Monday, Apr. 04, 1960

Capsules

P: Why smoking is dangerous and often painful for heart-attack victims was explained by researchers from Wayne State University (see EDUCATION). Patients volunteered to let them work two thin plastic tubes into their hearts and put a hollow needle into an arm artery. After three cigarettes, blood pressure and oxygen readings showed that the heart had to work much harder than usual but got little or no extra oxygen. Among the test's financial backers: the Tobacco Industry Research Committee.

P: Cancer of the stomach used to kill more U.S. men than cancer at any other site, but has now declined so sharply that surgeons in some areas cannot find enough cases for comparative research.
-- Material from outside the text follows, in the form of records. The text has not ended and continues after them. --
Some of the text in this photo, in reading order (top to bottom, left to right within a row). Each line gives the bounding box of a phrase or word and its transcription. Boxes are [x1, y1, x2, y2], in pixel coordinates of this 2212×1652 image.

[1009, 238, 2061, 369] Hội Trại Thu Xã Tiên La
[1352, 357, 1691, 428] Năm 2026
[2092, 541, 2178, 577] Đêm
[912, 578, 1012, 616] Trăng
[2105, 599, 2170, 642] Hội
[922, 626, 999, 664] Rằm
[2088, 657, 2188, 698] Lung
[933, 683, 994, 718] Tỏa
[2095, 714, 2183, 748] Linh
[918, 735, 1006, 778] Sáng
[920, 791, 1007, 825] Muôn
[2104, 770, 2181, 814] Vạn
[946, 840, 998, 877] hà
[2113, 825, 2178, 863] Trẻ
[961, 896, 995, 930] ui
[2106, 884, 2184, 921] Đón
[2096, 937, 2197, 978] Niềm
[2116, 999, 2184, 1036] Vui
Reason for the drop (40% to 50%), Director John R. Heller of the National Cancer Institute (TIME cover, July 27) told Congress, is unknown. And it is more than offset by the increase in lung cancer.
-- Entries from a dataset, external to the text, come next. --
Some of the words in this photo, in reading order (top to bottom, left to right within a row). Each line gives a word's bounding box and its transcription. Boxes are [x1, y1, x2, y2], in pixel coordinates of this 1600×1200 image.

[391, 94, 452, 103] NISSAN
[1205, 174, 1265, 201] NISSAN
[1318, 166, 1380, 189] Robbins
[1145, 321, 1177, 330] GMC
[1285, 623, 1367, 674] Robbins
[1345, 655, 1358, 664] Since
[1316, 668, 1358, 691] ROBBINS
P: A research achievement that has nothing to do with the safety or effectiveness of false teeth, but may save their wearers embarrassment, was joyously reported to William Wrigley Jr. Co. stockholders: a new plastic to which chewing gum will not stick is almost ready for the denture trade.
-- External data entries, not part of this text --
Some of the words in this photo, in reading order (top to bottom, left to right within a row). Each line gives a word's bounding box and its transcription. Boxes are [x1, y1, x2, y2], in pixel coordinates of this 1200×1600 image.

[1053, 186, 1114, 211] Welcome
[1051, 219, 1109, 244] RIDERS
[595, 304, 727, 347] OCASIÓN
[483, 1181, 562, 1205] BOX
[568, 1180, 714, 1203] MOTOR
P: Federal agents in Albany. N.Y. seized 5,247 cases of "Honegar," a honey-and-vinegar preparation promoted as a traditional Vermont remedy by Dr. DeForest Clinton Jarvis, bestselling author of Folk Medicine (TIME, Dec. 28). Said U.S. Attorney Theodore F. Bowes: the stuff is touted as good for about 35 ailments, ranging from arthritis to chicken pox, but cannot be sold in interstate commerce "until the label tells how to use the product to get the cures claimed."

P: Tolbutamide (trade name: Orinase), usually prescribed only for diabetes, also shows promise in reducing tremor and rigidity in victims of Parkinson's disease, so that they can do more in caring for themselves, reported two upstate New York doctors in the A.M.A. Journal. It is, they emphasized, no cure.